» YOUR OBJECTIVE
Throughout the entries below, report every line where "Tullikoirat" is found.

» PROVIDED MATERIAL
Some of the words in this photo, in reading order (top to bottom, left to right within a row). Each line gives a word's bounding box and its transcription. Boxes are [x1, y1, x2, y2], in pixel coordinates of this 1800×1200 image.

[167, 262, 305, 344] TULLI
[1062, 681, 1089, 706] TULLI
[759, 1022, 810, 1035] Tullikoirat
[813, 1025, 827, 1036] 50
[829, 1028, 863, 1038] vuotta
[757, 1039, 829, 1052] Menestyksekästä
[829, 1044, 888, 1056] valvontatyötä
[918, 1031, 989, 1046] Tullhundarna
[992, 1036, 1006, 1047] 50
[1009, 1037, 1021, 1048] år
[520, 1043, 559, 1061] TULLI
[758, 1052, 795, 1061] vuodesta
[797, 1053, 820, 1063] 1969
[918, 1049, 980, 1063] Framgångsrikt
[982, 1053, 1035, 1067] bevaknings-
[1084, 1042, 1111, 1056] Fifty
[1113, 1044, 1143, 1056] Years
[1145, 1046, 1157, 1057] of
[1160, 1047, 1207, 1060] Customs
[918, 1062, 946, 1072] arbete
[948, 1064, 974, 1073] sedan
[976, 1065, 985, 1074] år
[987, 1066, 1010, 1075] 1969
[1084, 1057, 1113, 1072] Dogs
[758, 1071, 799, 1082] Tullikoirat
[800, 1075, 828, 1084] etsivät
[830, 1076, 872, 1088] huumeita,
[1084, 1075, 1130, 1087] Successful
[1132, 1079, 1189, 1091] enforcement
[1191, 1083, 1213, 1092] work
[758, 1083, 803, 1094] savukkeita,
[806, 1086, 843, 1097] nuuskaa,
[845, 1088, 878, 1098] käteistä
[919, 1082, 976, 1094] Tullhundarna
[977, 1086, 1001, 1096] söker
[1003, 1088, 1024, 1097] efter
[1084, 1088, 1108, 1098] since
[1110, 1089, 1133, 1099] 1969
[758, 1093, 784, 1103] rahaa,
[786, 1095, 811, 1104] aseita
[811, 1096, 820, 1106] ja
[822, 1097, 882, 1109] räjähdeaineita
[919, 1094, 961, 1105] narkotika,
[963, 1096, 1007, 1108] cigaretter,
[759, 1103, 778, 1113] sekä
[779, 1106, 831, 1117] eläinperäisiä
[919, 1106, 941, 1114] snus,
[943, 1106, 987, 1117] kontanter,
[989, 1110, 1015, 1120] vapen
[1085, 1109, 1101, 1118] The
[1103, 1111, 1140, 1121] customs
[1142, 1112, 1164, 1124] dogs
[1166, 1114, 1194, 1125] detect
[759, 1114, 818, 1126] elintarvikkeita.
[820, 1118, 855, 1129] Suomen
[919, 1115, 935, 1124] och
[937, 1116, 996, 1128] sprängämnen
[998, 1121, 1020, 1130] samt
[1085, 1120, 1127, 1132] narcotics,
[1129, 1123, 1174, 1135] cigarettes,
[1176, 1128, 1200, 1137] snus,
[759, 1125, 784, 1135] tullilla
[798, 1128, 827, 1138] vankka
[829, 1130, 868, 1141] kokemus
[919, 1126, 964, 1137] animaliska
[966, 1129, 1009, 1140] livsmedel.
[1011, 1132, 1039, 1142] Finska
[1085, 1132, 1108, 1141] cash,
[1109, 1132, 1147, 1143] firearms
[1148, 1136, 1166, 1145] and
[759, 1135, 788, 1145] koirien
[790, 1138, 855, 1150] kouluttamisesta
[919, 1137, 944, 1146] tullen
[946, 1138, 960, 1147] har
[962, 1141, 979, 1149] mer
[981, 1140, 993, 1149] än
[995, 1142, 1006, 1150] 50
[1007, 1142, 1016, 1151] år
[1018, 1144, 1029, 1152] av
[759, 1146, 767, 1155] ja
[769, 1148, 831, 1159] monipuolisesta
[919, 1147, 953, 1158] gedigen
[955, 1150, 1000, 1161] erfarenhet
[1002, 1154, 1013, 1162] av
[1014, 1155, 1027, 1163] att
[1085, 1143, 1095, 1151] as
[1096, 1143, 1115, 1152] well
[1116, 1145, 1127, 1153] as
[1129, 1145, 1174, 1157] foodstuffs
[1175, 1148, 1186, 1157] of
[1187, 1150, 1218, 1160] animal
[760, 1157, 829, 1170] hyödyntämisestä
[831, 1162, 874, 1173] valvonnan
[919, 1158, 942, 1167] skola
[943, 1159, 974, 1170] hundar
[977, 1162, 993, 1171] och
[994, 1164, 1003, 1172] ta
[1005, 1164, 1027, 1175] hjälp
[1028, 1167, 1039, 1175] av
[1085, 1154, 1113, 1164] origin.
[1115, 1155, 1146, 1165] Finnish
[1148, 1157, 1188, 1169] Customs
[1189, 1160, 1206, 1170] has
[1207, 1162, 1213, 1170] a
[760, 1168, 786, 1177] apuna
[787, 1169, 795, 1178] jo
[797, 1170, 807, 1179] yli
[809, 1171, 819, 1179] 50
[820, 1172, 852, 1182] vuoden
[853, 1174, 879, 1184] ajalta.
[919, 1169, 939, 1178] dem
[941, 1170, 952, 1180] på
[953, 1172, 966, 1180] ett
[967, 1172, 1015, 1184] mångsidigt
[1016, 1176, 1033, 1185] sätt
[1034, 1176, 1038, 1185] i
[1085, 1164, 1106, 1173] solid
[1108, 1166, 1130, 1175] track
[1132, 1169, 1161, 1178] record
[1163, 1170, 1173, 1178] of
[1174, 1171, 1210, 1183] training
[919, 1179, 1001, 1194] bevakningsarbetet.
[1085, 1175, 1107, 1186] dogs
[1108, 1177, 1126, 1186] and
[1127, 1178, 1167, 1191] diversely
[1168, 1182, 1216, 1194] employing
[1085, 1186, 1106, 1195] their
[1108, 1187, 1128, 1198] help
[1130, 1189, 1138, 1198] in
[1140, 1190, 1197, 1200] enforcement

» RESPONSE BOX
[759, 1022, 810, 1035] Tullikoirat
[758, 1071, 799, 1082] Tullikoirat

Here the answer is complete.